A salir del Olimpo me advirtieron que cada tanto recibiría un llamado telefónico en la redacción de alguien que se identificaría como Clark Kent y que cuando eso sucediera, sin más diálogo, debía salir a la puerta y subir al auto que iba a parar delante mío con su puerta abierta. Era una forma de marcar que seguía bajo su control y a la vez de tortura psicológica. Pero al mismo tiempo de haber un goce sádico en el paseo que me daban como en el nombre que habían elegido del personaje terrestre de Superman que era un periodista, demostraban la falta de inhibiciones y la incompetencia militar que luego exhibieron en cada uno de sus actos. Porque, más que malos, además eran torpes. Literalmente, venían con varios autos Falcon verdes en caravana, de la misma forma que cuando me detuvieron, dejando los registros que luego los llevaron a sus condenas. Lo mismo el nombre del centro de detención ilegal que colocaron en un ingreso interior: “Bienvenidos al Olimpo de los dioses. Firmado: Los centuriones”.

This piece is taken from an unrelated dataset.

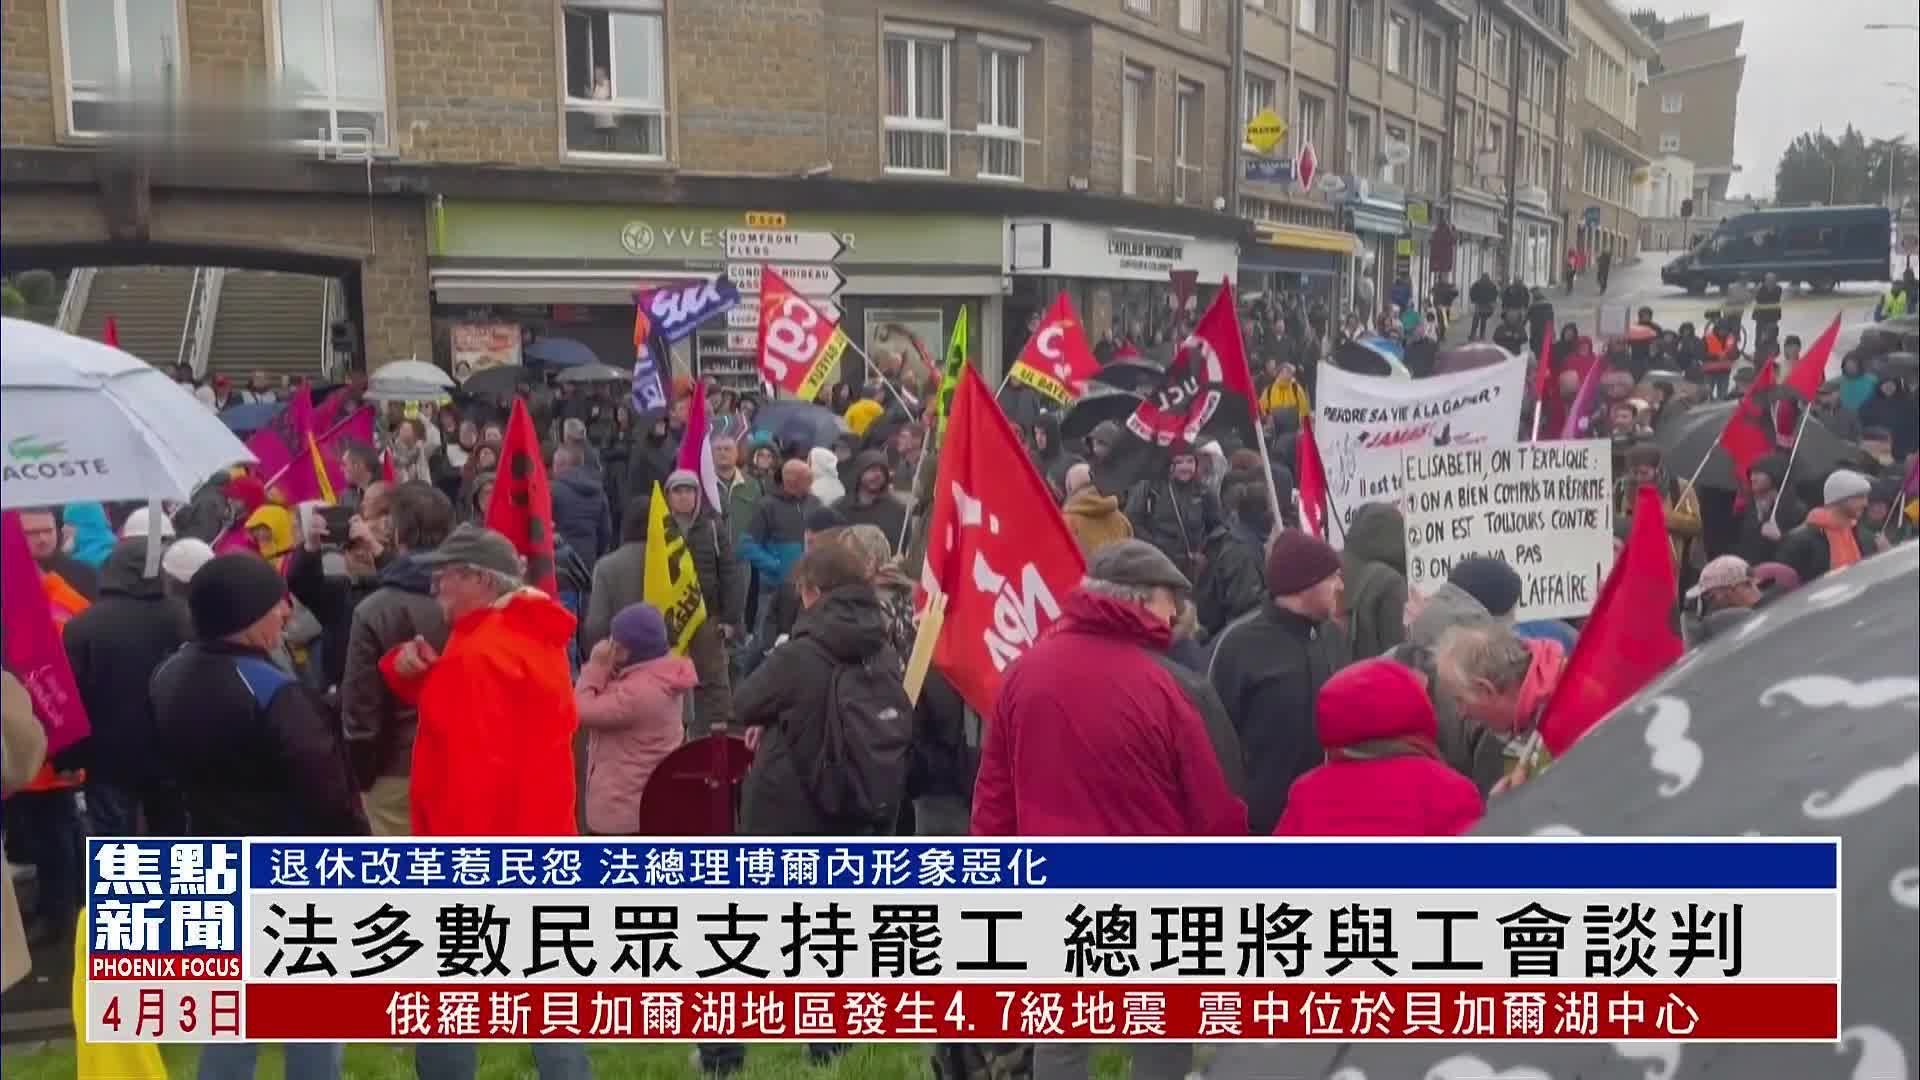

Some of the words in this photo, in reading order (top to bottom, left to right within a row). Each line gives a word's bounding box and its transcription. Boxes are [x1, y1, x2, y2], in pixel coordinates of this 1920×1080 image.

Por su ineptitud y banalidad del mal, recordando el término que acuñó Hannah Arendt, me apenó pensar hoy cuántas veces, aun sin aquella violencia frontal, se repite esa insensibilidad banal junto a la ineptitud para la función de quien desde el poder cree que sabe sin saber.

La muerte del “Turco Julián” no solo me hizo revivir aquellos años, sino me apenó por algunos puntos de contacto con estos actuales. Ojalá con su muerte también muriera él en la mente de sus víctimas, pero faltan aún dos décadas para ese borramiento completo.

Reflexiones filosóficas: Jacques Derrida cree que “el perdón auténtico es incondicional y radical, incluso ante lo imperdonable”. Hannah Arendt cree que en él se constituye “la reconciliación y la posibilidad de un nuevo comienzo en la esfera política, pero no necesariamente exige olvido”. Desde la perspectiva jurídica, John Rawls considera al perdón como un mecanismo de reparación social (la Comisión de la Verdad y Reconciliación en Sudáfrica), pero Nietzche consideraba al perdón como una debilidad moral y al perdón cristiano como una moral de los esclavos.

Son válidas preguntas como ¿se debe perdonar incluso sin el arrepentimiento del ofensor? ¿Existe un límite ético al perdón frente a crímenes de lesa humanidad? ¿Puede existir perdón sin olvido? Y ¿se trata de un acto individual o colectivo?

No sé. Sí creo que la justicia restaura y que hay que superar el odio fuente de violencia adicional.